Ela lhe entregou a toalha, mas não a soltou quando a mão dele se esticou.
— Você se tornou uma tirana, princesa — ele comentou.
Ela revirou os olhos e lançou a toalha, virando quando ele se levantou em um poderoso movimento, água pingando em todos os lugares. Foi um esforço não espreitar por cima do ombro.
Você não ousaria mesmo, uma voz sussurrou em sua cabeça.
Certo. Ela chamaria aquela voz de Senso Comum – e a escutaria a partir de agora.
Avançando em seu armário, ela foi para a cômoda na parte de trás e se ajoelhou diante da gaveta inferior, abrindo-o para revelar cuecas dobradas, camisas e calças masculinas.
Por um momento, olhou para as roupas antigas de Sam, respirando o cheiro fraco dele agarrado ao tecido.

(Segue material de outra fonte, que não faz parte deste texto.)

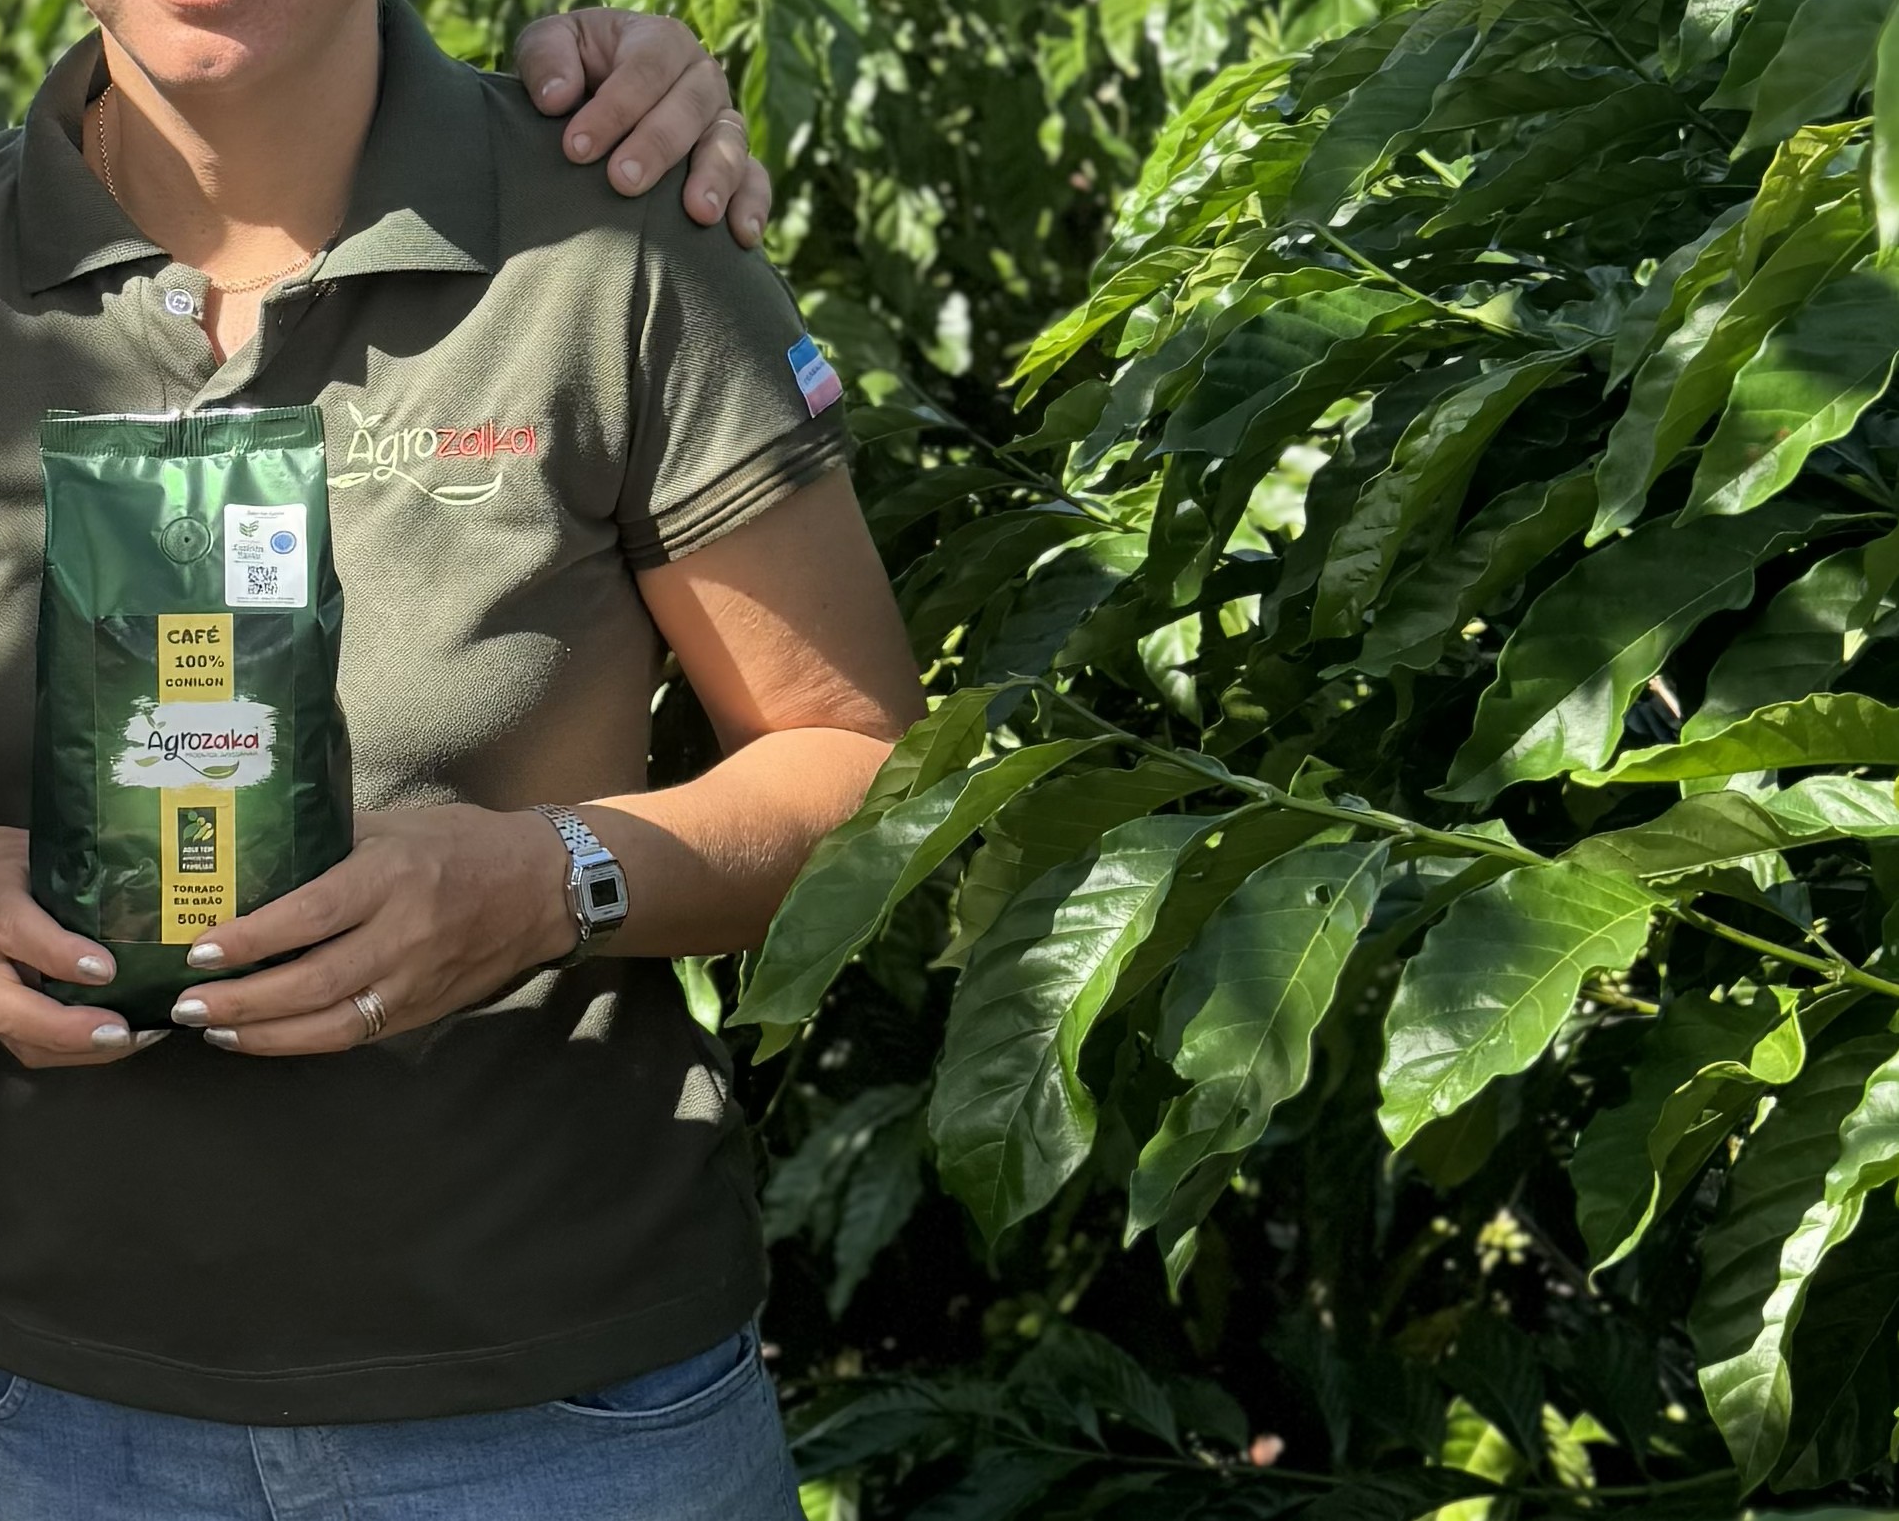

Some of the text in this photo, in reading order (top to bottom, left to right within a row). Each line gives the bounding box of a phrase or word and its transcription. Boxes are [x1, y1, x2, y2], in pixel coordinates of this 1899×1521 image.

[347, 418, 537, 481] Agrozaka
[166, 625, 221, 644] CAFÉ
[175, 655, 225, 668] 100%
[165, 677, 224, 687] CONILON
[148, 728, 259, 761] Agrozaka
[172, 885, 224, 893] TORRADO
[192, 896, 223, 905] GRÃO
[177, 913, 217, 927] 500g

Ela não tinha reunido forças para ir ao seu túmulo ainda, mas...
— Você não tem que dá-las para mim — disse Rowan atrás dela.

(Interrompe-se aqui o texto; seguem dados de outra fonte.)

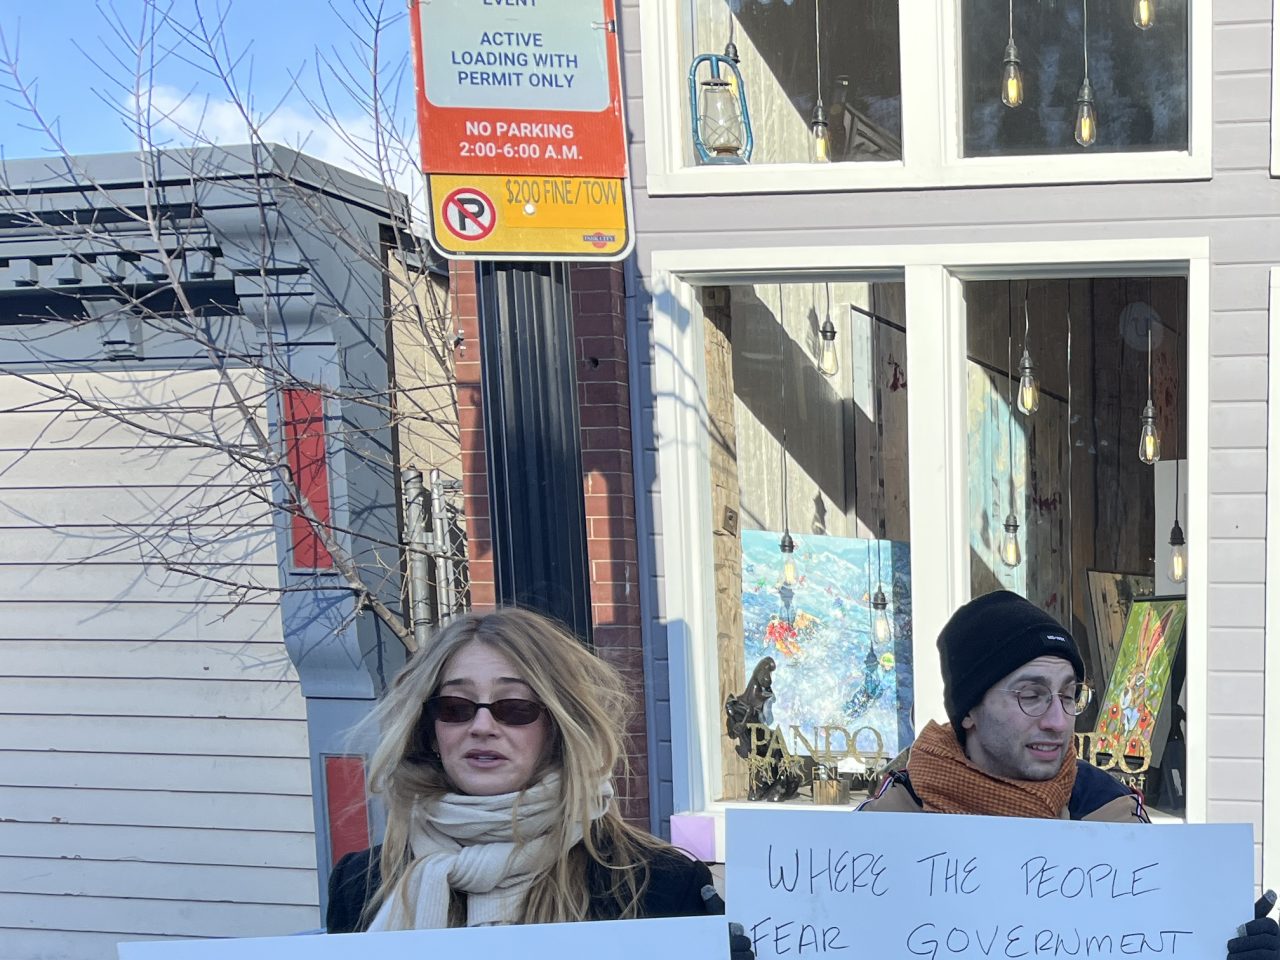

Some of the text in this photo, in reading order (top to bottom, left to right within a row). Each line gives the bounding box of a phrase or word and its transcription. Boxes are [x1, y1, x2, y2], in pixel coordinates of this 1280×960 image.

[480, 32, 543, 47] ACTIVE
[451, 51, 578, 68] LOADING WITH
[458, 71, 574, 88] PERMIT ONLY
[466, 121, 574, 139] NO PARKING
[459, 142, 583, 160] 2:00-6:00 A.M.
[506, 180, 540, 205] $200
[747, 722, 884, 768] PANDO
[768, 844, 1160, 898] WHERE THE PEOPLE
[750, 917, 850, 958] FEAR

Ela se virou um pouco, e torcendo-se no lugar de enfrentá-lo. Ele era um maldito furtivo.
Aelin tentou não parecer muito balançada por vê-lo com a toalha enrolada na cintura, o bronzeado do corpo musculoso brilhando com os óleos de banho, as cicatrizes cruzadas como as listras de um grande gato. Mesmo o Senso Comum não tinha palavras.
Sua boca estava um pouco seca, quando ela disse:
— Roupas limpas são escassas na casa agora, e estas não são úteis paradas aqui — ela tirou uma camisa da gaveta e ergueu-a. — Espero que caiba.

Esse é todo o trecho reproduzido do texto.